Copy each entry verbatim, excluding its images.

(Supplied records)

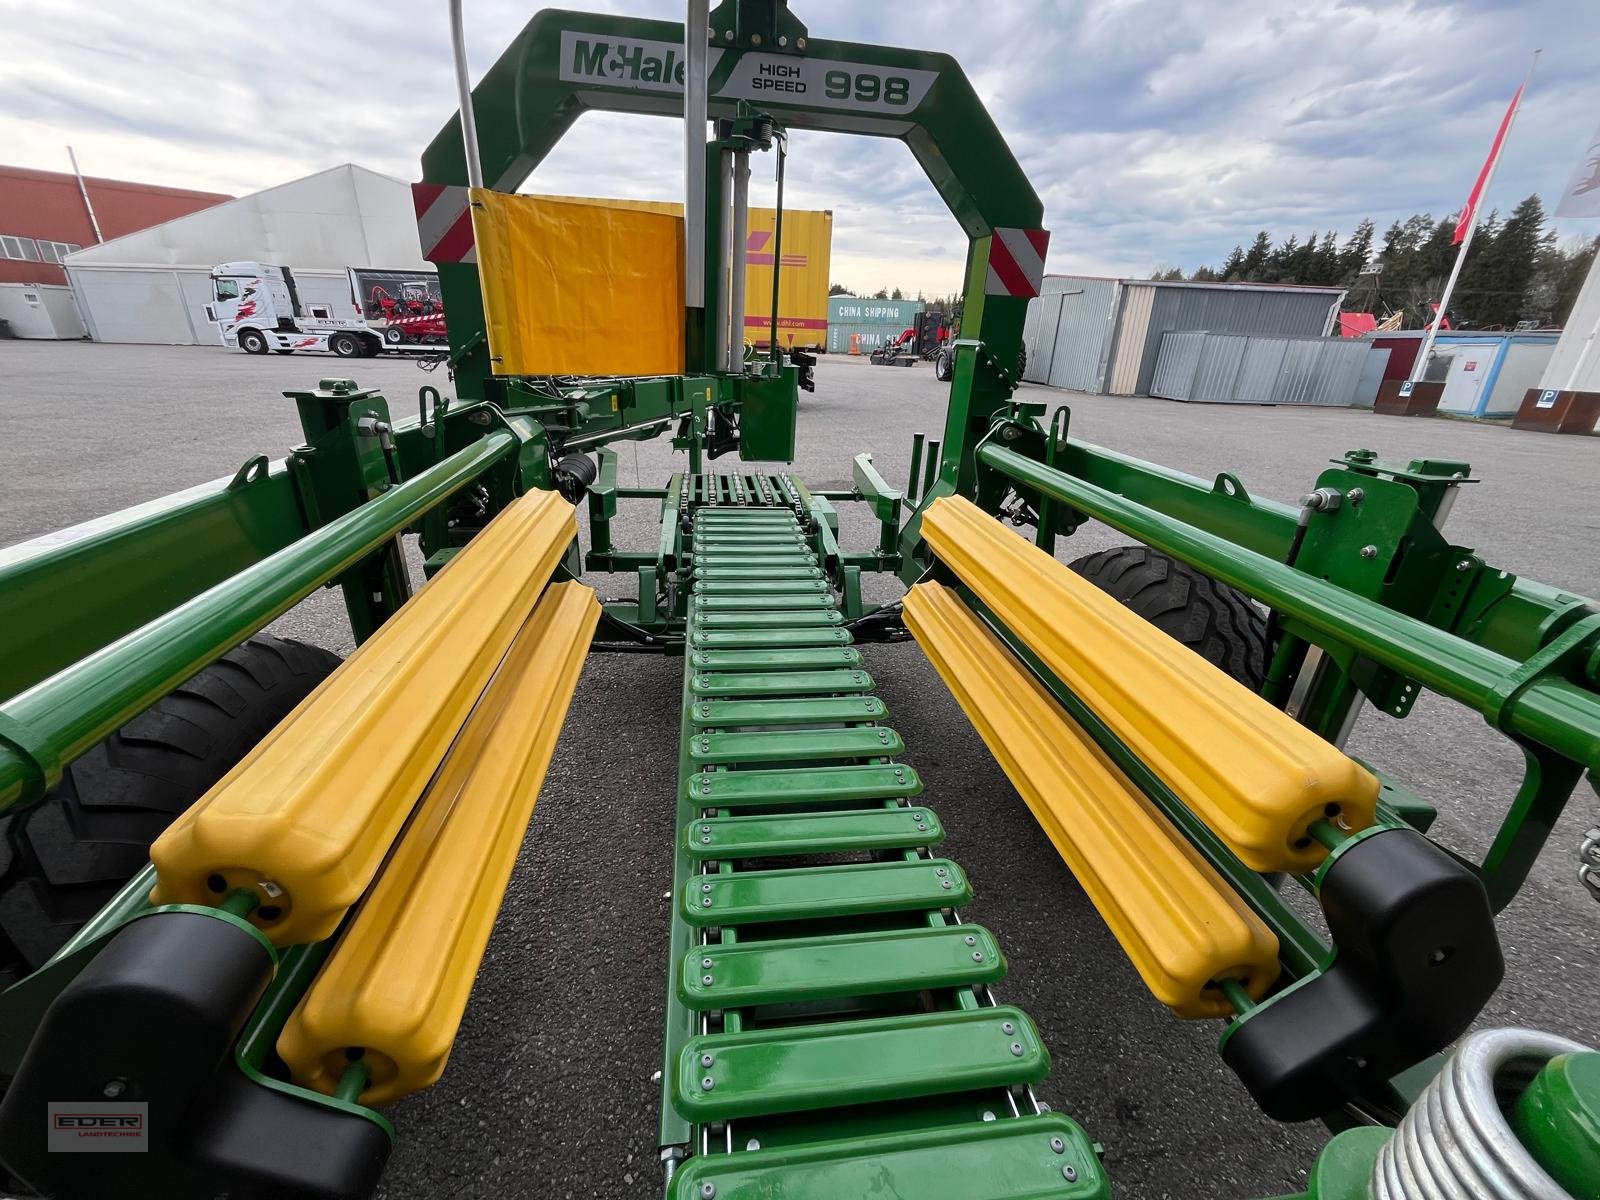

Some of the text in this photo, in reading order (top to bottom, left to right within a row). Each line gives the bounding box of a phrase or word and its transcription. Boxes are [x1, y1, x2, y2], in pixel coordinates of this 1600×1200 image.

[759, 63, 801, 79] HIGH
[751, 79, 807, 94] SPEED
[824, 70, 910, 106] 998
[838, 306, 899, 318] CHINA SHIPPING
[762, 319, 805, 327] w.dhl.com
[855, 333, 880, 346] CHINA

(End Supplied records)

Answer for this exercise:
Some of the text in this photo, in reading order (top to bottom, left to right within a row). Each line gives the bounding box of a phrase or word and its transcription. Boxes are [x1, y1, x2, y2], in pixel coordinates of this 1600×1200 image.

[759, 63, 801, 79] HIGH
[751, 79, 807, 94] SPEED
[824, 70, 910, 106] 998
[838, 306, 899, 318] CHINA SHIPPING
[762, 319, 805, 327] w.dhl.com
[855, 333, 880, 346] CHINA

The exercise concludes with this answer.